Segment Start: Source data

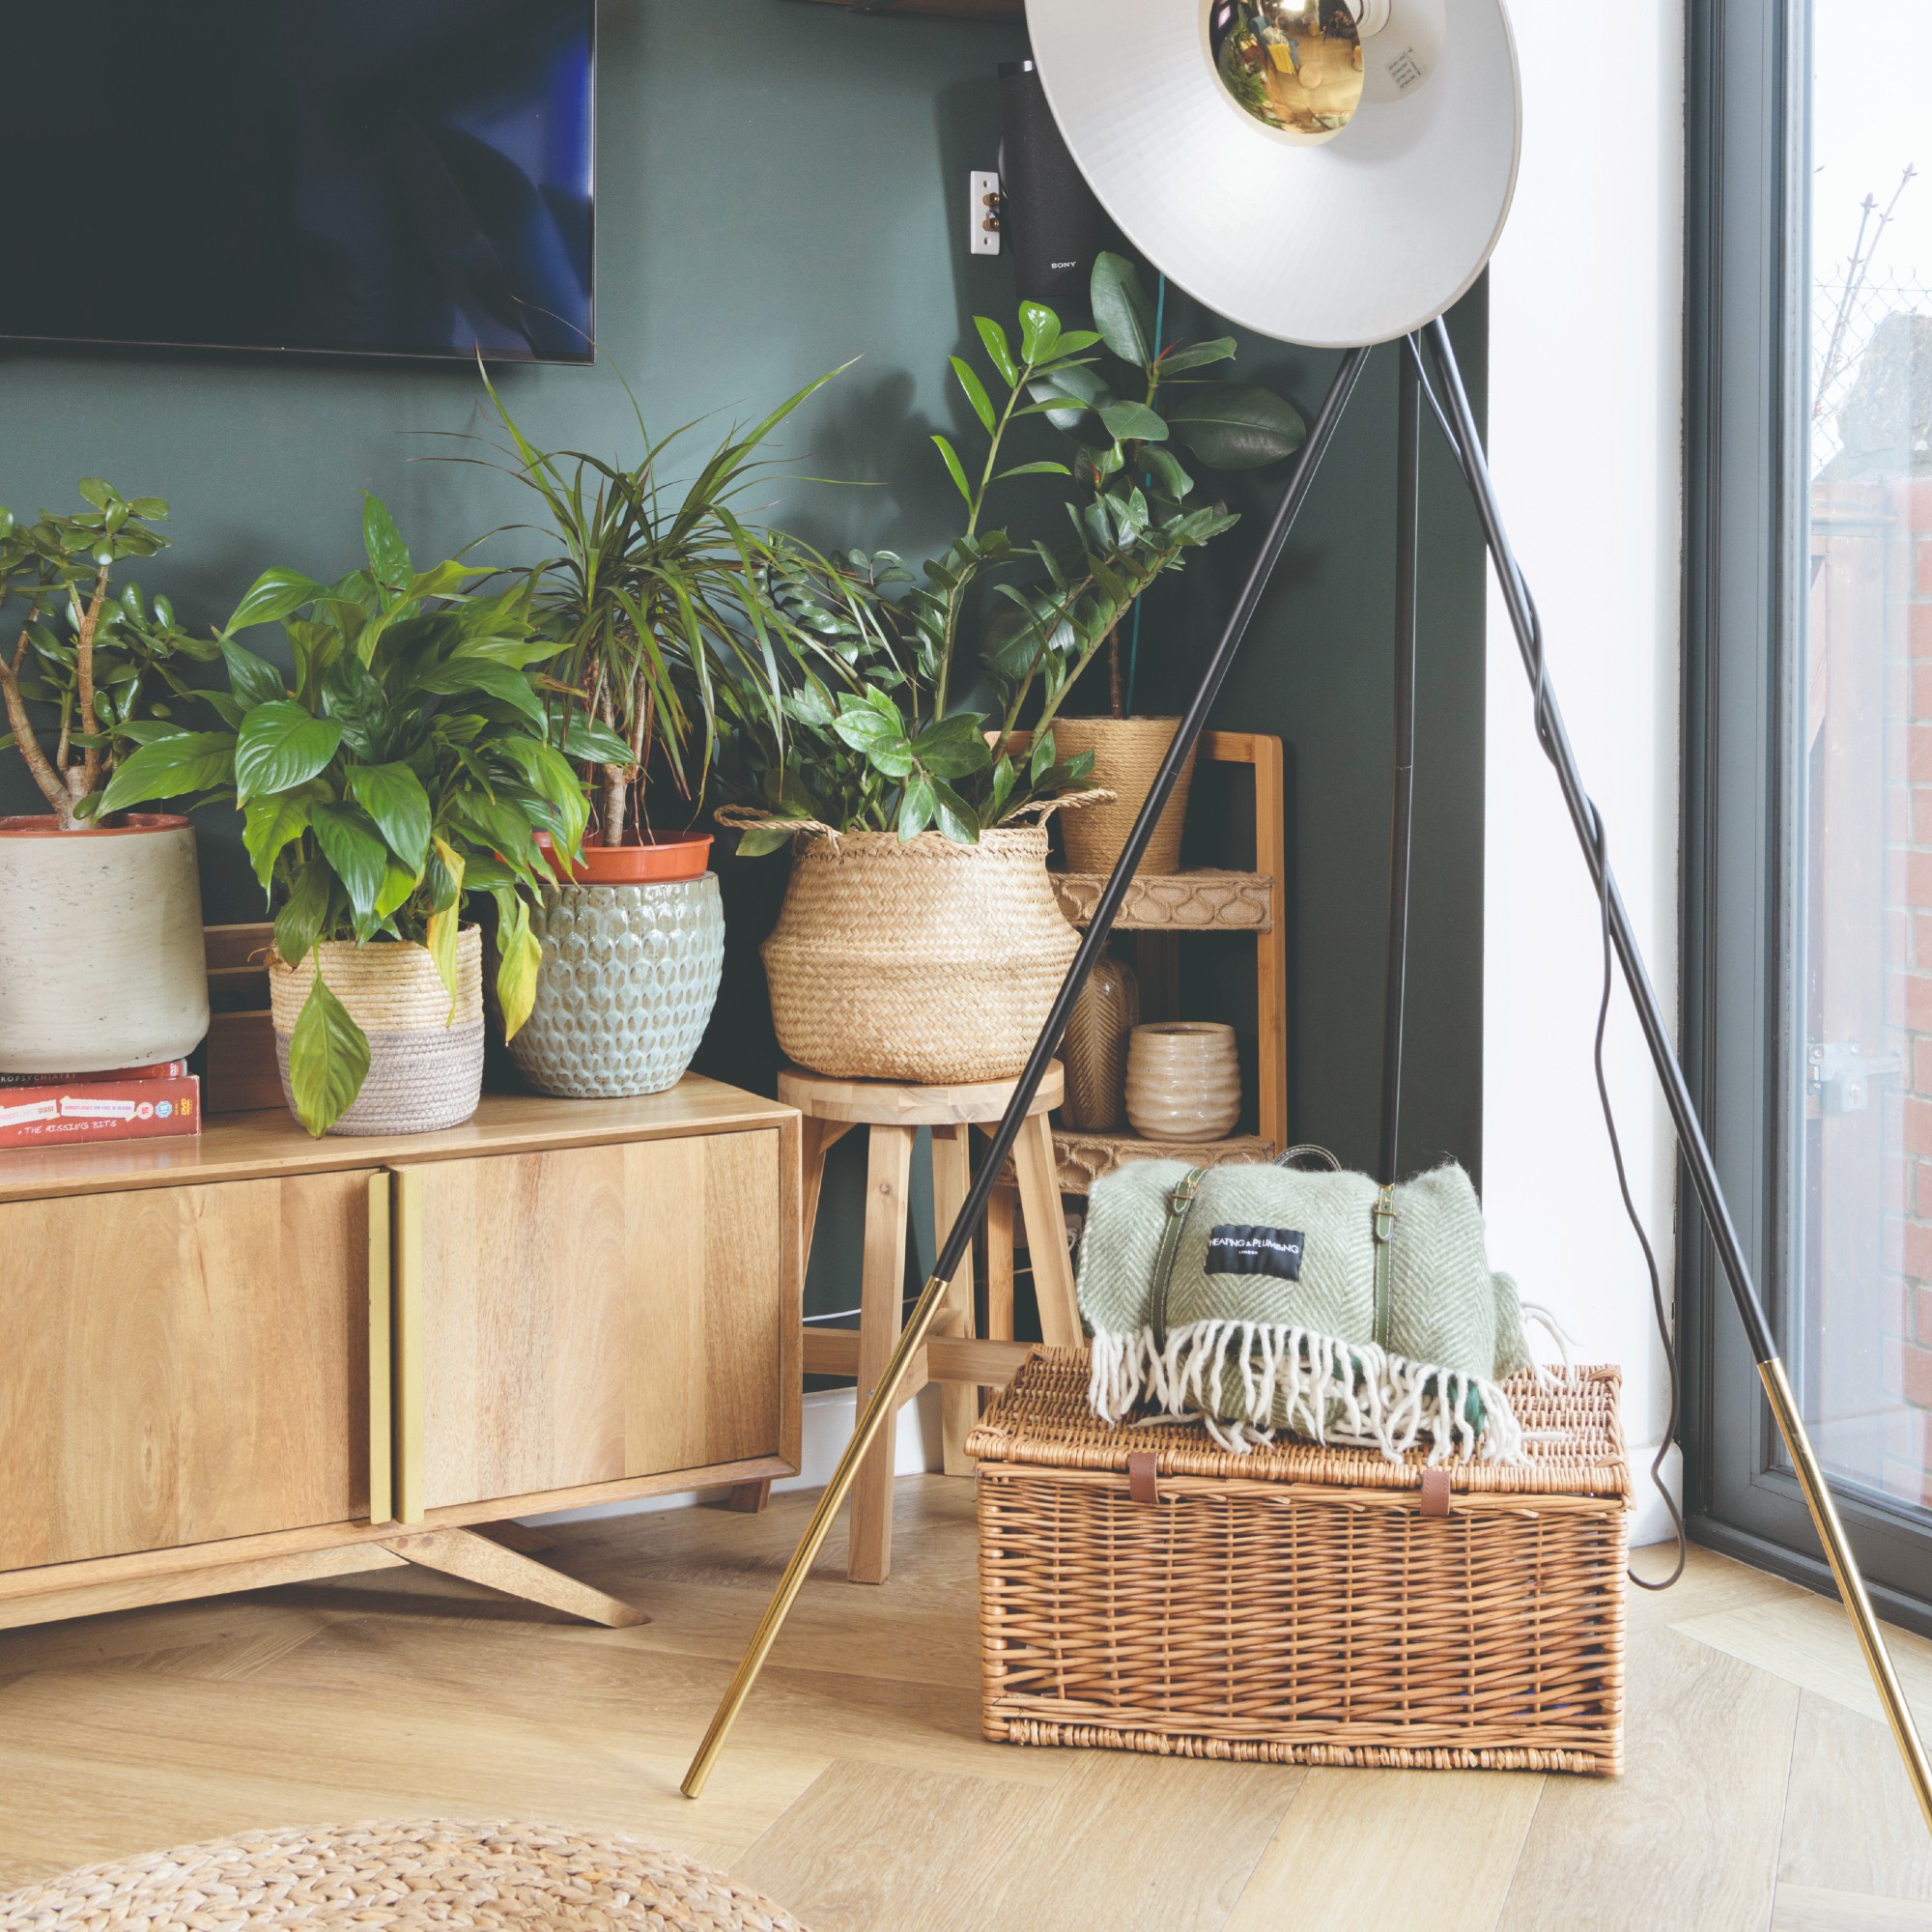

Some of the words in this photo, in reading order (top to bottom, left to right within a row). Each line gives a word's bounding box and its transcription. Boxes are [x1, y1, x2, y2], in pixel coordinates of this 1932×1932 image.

[1051, 261, 1077, 270] SONY
[159, 1104, 169, 1114] 15
[24, 1125, 43, 1134] THE
[45, 1122, 89, 1133] MISSING
[92, 1120, 117, 1129] BITS
[1208, 1237, 1246, 1248] HEATING
[1252, 1237, 1299, 1254] PLUMBING
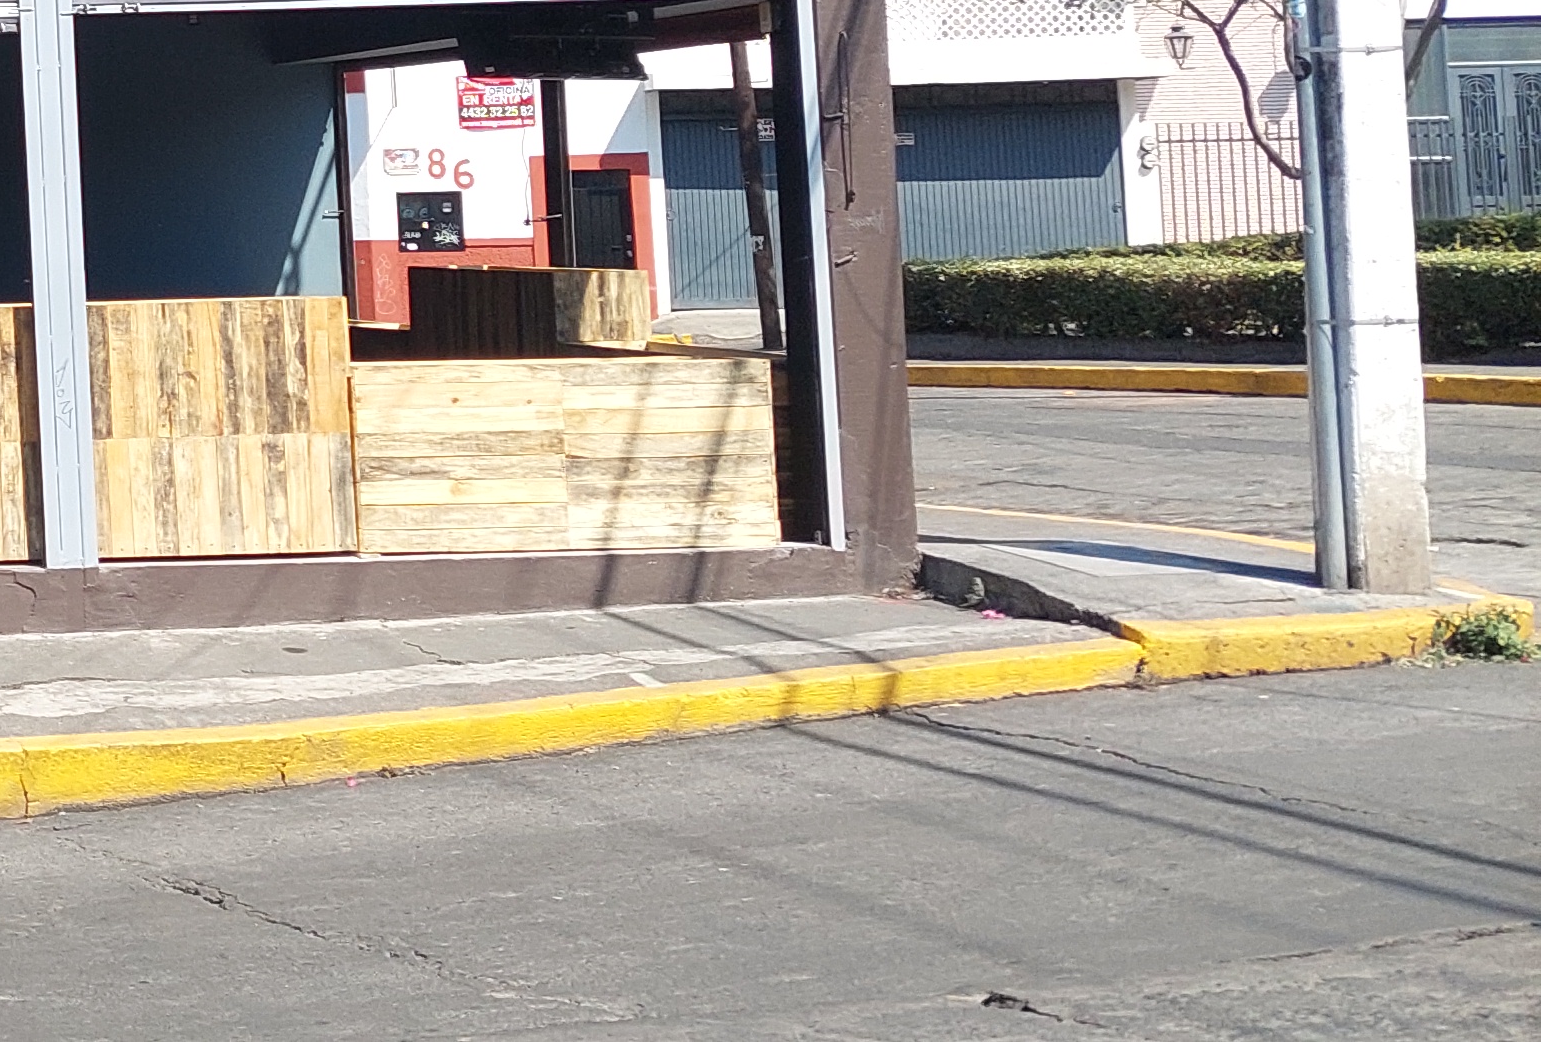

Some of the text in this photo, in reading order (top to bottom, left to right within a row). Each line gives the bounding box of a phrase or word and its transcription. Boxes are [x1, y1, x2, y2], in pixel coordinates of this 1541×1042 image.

[488, 86, 530, 95] OFICINA
[462, 95, 521, 106] EN RENTA
[428, 148, 475, 190] 86

Segment End: Source data

→ **Prompt**
Give back each of the records above word for word, apart from the pictures.

→ **Output for this task**
Some of the words in this photo, in reading order (top to bottom, left to right within a row). Each line gives a word's bounding box and its transcription. Boxes are [x1, y1, x2, y2], in pixel coordinates of this 1932×1932 image.

[1051, 261, 1077, 270] SONY
[159, 1104, 169, 1114] 15
[24, 1125, 43, 1134] THE
[45, 1122, 89, 1133] MISSING
[92, 1120, 117, 1129] BITS
[1208, 1237, 1246, 1248] HEATING
[1252, 1237, 1299, 1254] PLUMBING

Some of the text in this photo, in reading order (top to bottom, left to right within a row). Each line gives the bounding box of a phrase or word and its transcription. Boxes are [x1, y1, x2, y2], in pixel coordinates of this 1541×1042 image.

[488, 86, 530, 95] OFICINA
[462, 95, 521, 106] EN RENTA
[428, 148, 475, 190] 86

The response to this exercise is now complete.